Older Fathers in Autism Link

Older fathers are far more likely to have autistic children, experts have warned. Children born to fathers aged 40 and over are around six times more likely to suffer from autism compared to those born to fathers under 30, they said. But the researchers, including a team from the Institute of Psychiatry at King’s College London, could find no link between a mother’s advancing age and autism.

Previous studies on a correlation between mother’s age and autism have produced mixed results.

The researchers said the findings provided further evidence that men also have a “biological clock” when it comes to producing healthy babies.

Dr Abraham Reichenberg, from the the Mount Sinai School of Medicine in New York, and the Institute of Psychiatry worked with other researchers to assess Jewish children born during the 1980s in Israel.

They looked at information for 132,271 children for the study, published in the Archives of General Psychiatry.

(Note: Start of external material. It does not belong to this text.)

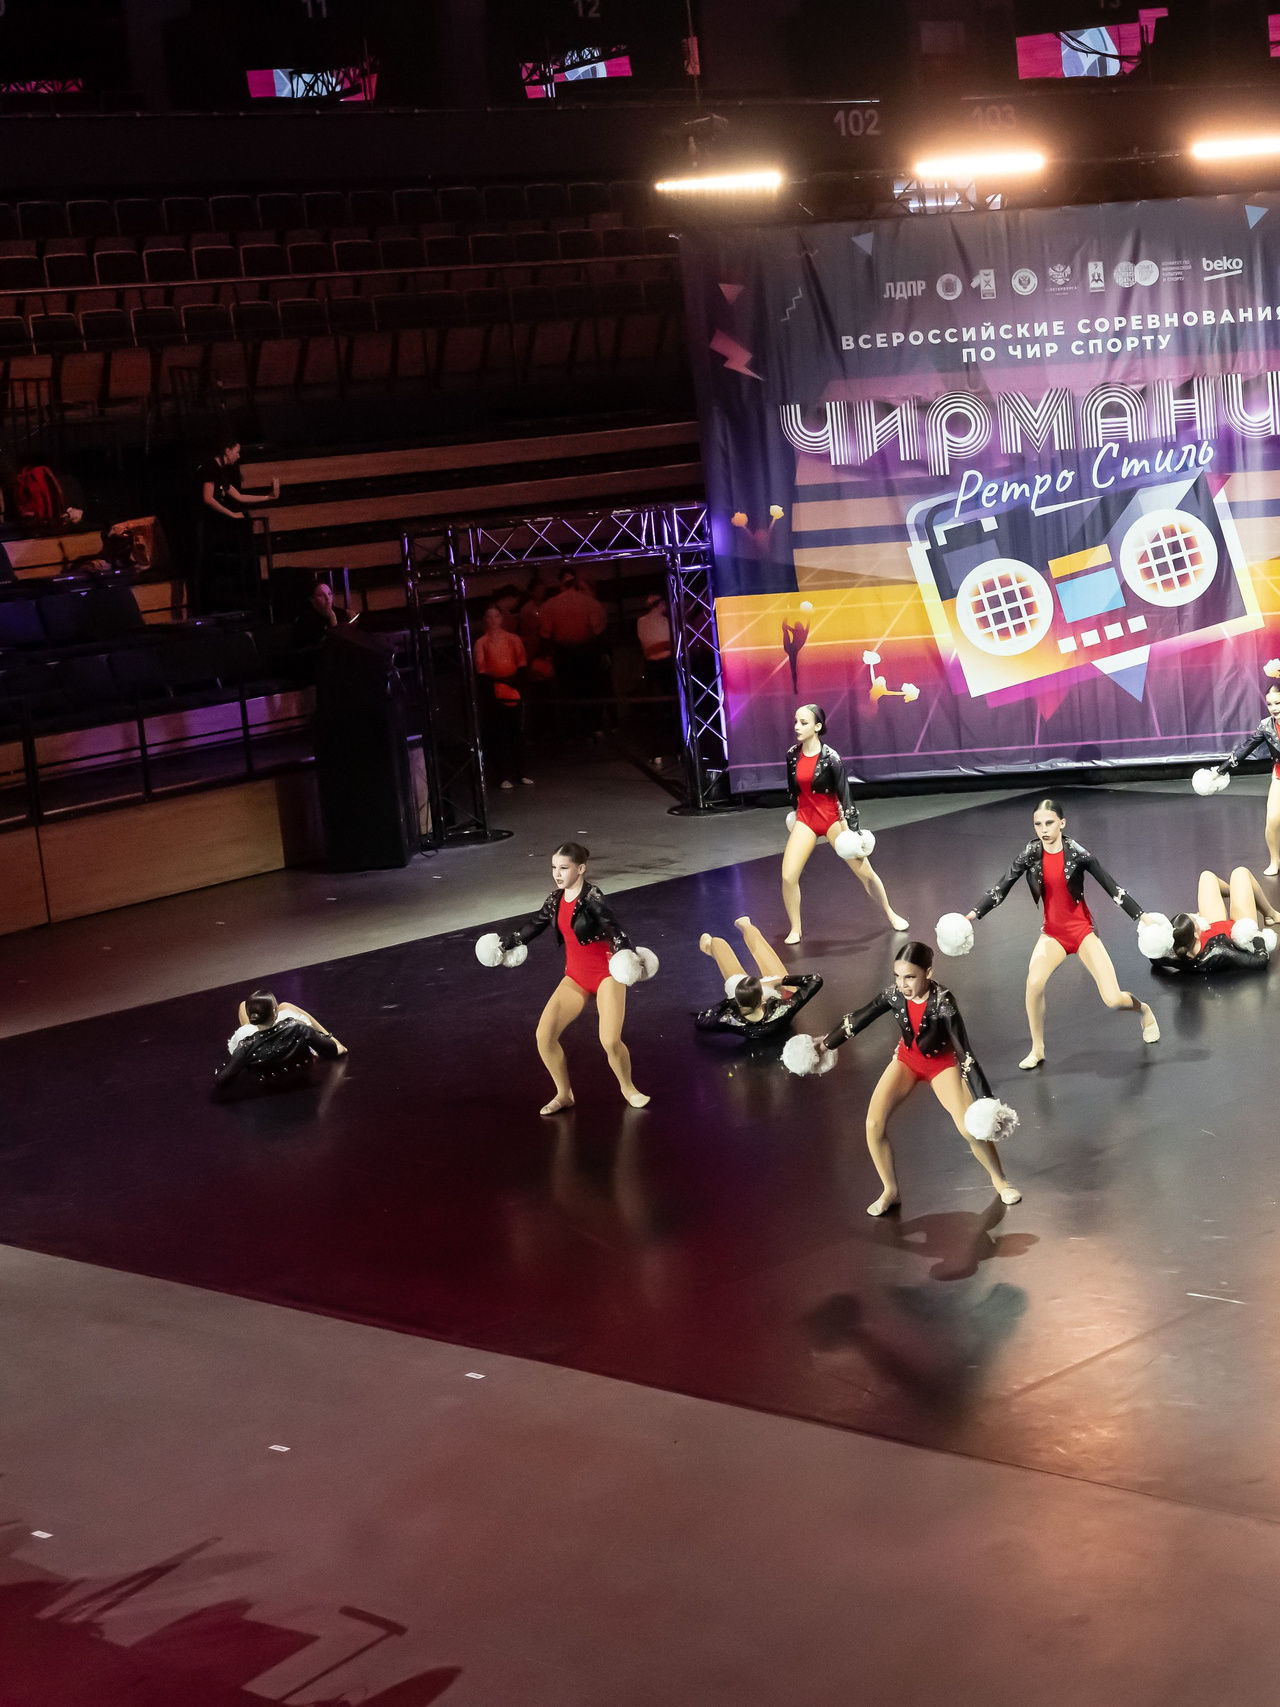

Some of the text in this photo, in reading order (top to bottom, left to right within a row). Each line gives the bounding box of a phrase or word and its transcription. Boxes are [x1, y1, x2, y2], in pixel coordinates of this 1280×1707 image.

They found that if the father was aged 15 to 29 when their child was born, the risk of autism was six in every 10,000 children.

If the father was aged 30 to 39, then nine in 10,000 children suffered autism (1.6 times higher), going up to 32 in 10,000 (5.75 times higher) for fathers aged 40 to 49. The risk was even higher among fathers aged 50 and over, although the sample size was small.

Dr Reichenberg said: “This research adds to our knowledge that men also have a biological clock when it comes to reproducing.

“The sample size for the over-50s was small so we added it to the results for fathers aged over 40, but our research suggests that very old fathers have around nine times the risk. The research shows a linear effect – with every 10 years, the risk doubles.”